Print out the data exactly, keeping every image out of it.
··· INFORMATION SUPPLIED ···
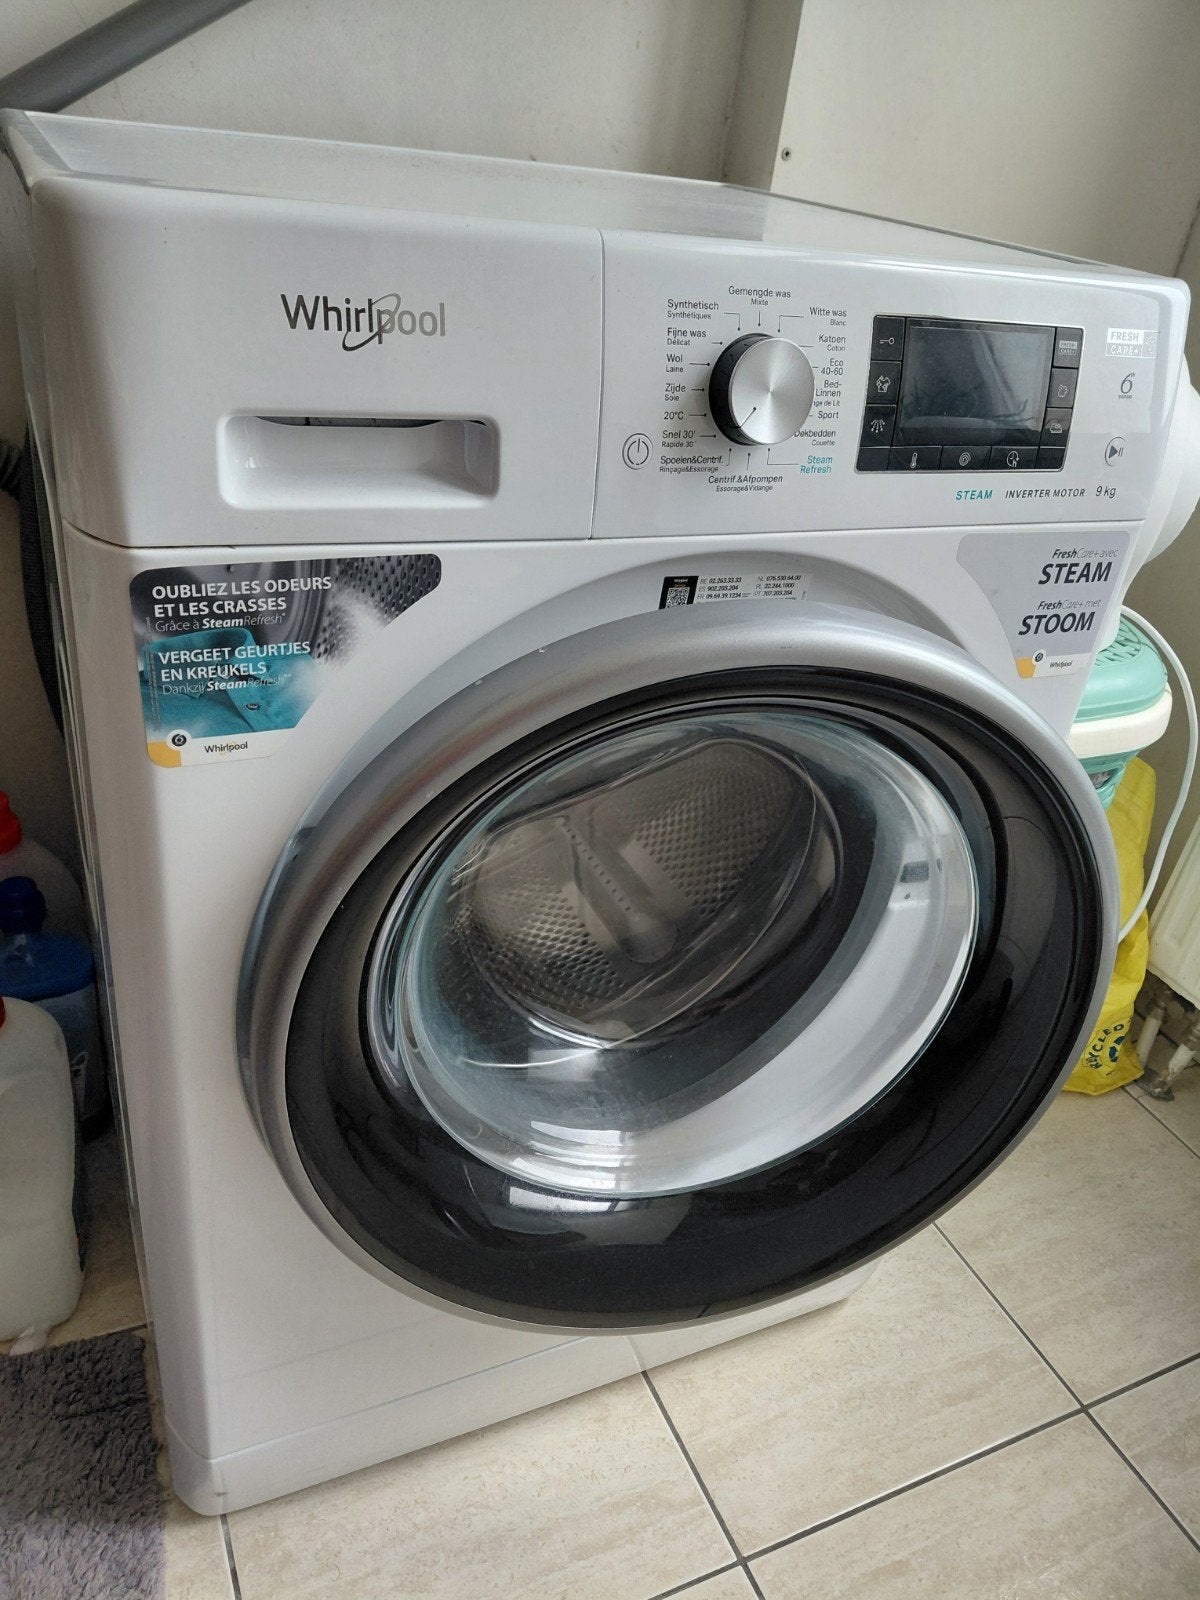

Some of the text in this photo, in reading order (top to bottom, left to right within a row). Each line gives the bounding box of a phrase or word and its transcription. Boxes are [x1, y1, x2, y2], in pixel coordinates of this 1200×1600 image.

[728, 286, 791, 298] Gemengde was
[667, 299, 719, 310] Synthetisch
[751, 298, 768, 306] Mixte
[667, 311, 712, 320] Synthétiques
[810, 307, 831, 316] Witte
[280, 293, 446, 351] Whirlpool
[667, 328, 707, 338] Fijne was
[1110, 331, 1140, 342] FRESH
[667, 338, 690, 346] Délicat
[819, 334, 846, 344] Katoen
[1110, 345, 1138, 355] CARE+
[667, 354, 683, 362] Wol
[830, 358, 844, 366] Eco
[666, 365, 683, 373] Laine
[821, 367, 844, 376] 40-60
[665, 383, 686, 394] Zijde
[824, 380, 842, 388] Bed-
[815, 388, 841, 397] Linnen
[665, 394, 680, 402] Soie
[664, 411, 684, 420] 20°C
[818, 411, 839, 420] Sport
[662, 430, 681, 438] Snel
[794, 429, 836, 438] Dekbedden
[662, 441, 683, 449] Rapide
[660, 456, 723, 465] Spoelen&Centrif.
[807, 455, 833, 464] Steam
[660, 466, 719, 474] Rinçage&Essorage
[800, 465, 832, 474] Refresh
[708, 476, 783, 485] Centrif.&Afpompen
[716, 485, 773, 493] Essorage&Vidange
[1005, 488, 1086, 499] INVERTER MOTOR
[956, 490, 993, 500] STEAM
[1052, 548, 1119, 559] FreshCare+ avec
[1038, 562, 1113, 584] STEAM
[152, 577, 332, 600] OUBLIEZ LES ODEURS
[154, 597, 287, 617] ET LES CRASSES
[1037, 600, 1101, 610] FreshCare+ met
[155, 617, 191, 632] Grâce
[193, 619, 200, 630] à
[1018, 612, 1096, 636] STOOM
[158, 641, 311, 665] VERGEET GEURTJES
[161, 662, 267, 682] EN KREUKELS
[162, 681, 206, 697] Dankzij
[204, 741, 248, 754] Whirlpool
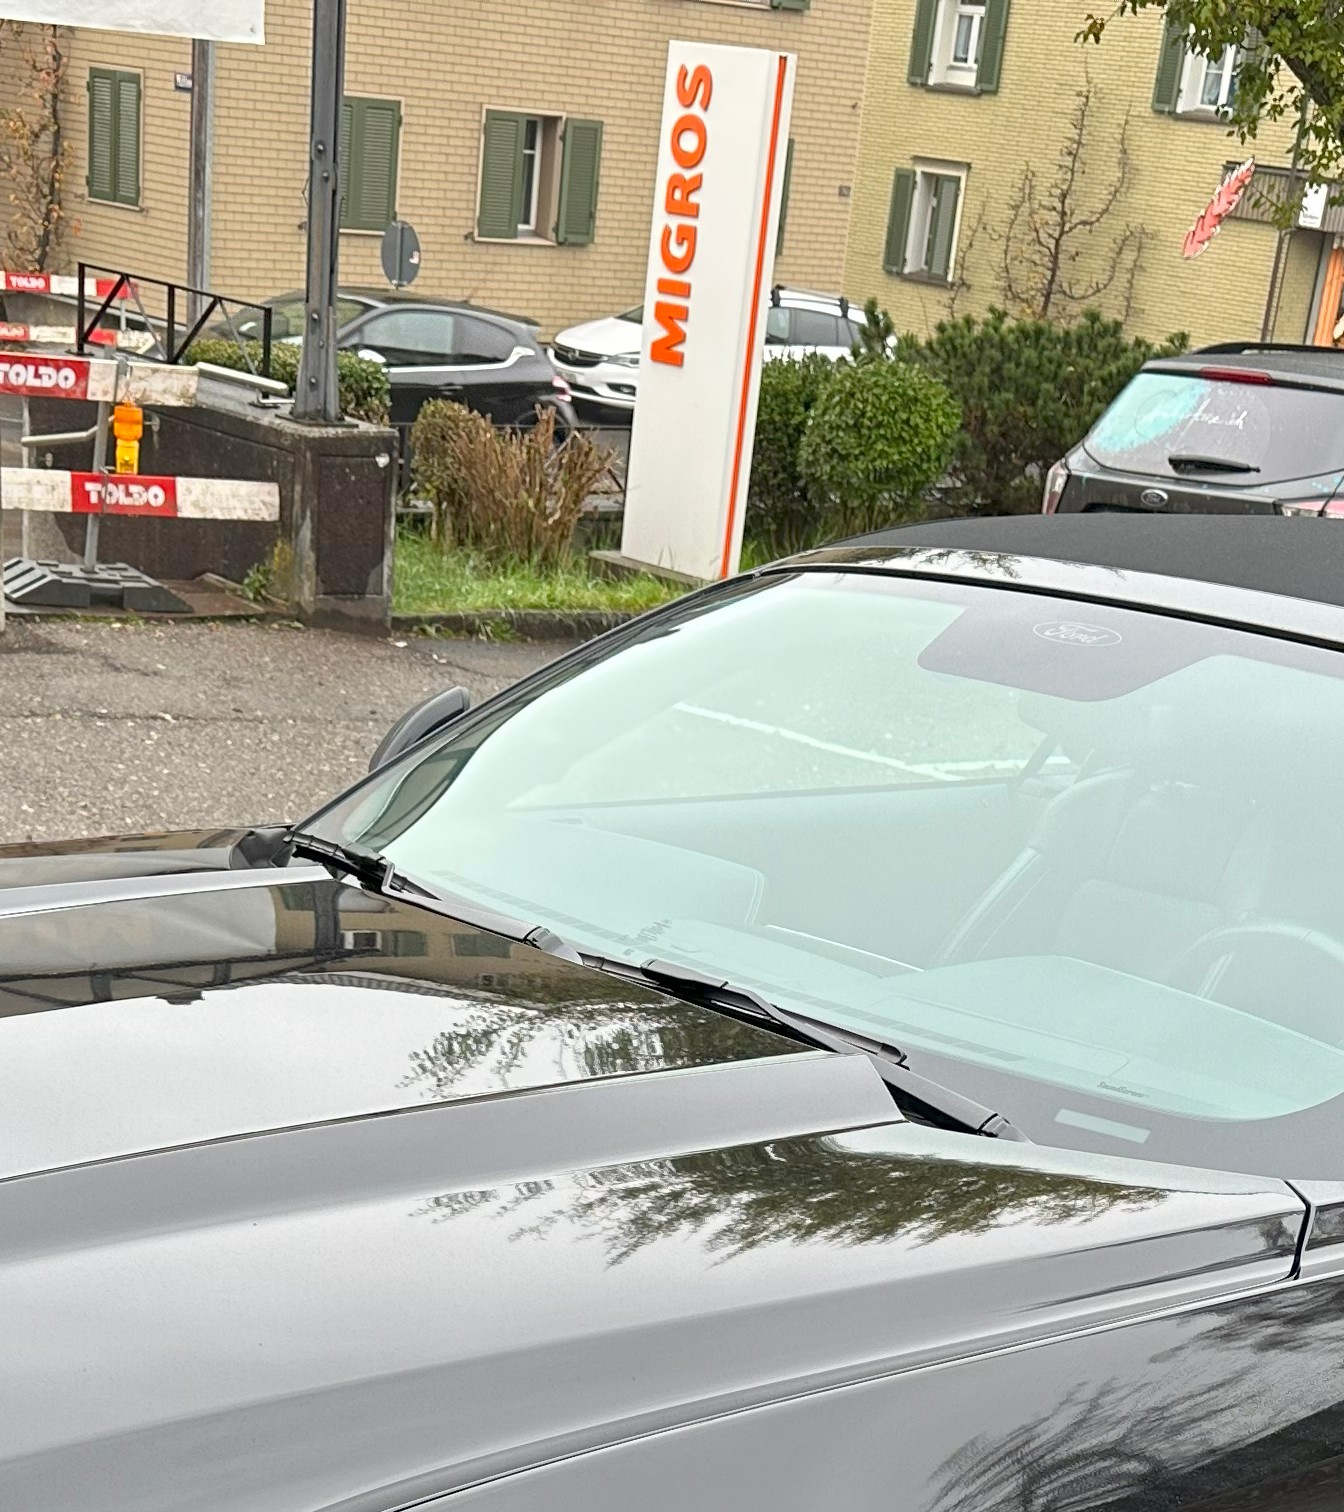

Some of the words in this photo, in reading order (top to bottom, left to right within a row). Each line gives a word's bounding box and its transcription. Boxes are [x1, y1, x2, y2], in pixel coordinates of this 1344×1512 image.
···
WORKED SOLUTION:
Some of the text in this photo, in reading order (top to bottom, left to right within a row). Each line gives the bounding box of a phrase or word and its transcription. Boxes are [x1, y1, x2, y2], in pixel coordinates of this 1200×1600 image.

[728, 286, 791, 298] Gemengde was
[667, 299, 719, 310] Synthetisch
[751, 298, 768, 306] Mixte
[667, 311, 712, 320] Synthétiques
[810, 307, 831, 316] Witte
[280, 293, 446, 351] Whirlpool
[667, 328, 707, 338] Fijne was
[1110, 331, 1140, 342] FRESH
[667, 338, 690, 346] Délicat
[819, 334, 846, 344] Katoen
[1110, 345, 1138, 355] CARE+
[667, 354, 683, 362] Wol
[830, 358, 844, 366] Eco
[666, 365, 683, 373] Laine
[821, 367, 844, 376] 40-60
[665, 383, 686, 394] Zijde
[824, 380, 842, 388] Bed-
[815, 388, 841, 397] Linnen
[665, 394, 680, 402] Soie
[664, 411, 684, 420] 20°C
[818, 411, 839, 420] Sport
[662, 430, 681, 438] Snel
[794, 429, 836, 438] Dekbedden
[662, 441, 683, 449] Rapide
[660, 456, 723, 465] Spoelen&Centrif.
[807, 455, 833, 464] Steam
[660, 466, 719, 474] Rinçage&Essorage
[800, 465, 832, 474] Refresh
[708, 476, 783, 485] Centrif.&Afpompen
[716, 485, 773, 493] Essorage&Vidange
[1005, 488, 1086, 499] INVERTER MOTOR
[956, 490, 993, 500] STEAM
[1052, 548, 1119, 559] FreshCare+ avec
[1038, 562, 1113, 584] STEAM
[152, 577, 332, 600] OUBLIEZ LES ODEURS
[154, 597, 287, 617] ET LES CRASSES
[1037, 600, 1101, 610] FreshCare+ met
[155, 617, 191, 632] Grâce
[193, 619, 200, 630] à
[1018, 612, 1096, 636] STOOM
[158, 641, 311, 665] VERGEET GEURTJES
[161, 662, 267, 682] EN KREUKELS
[162, 681, 206, 697] Dankzij
[204, 741, 248, 754] Whirlpool

Some of the words in this photo, in reading order (top to bottom, left to right within a row). Each line gives a word's bounding box and its transcription. Boxes are [x1, y1, x2, y2], in pixel coordinates of this 1344×1512 image.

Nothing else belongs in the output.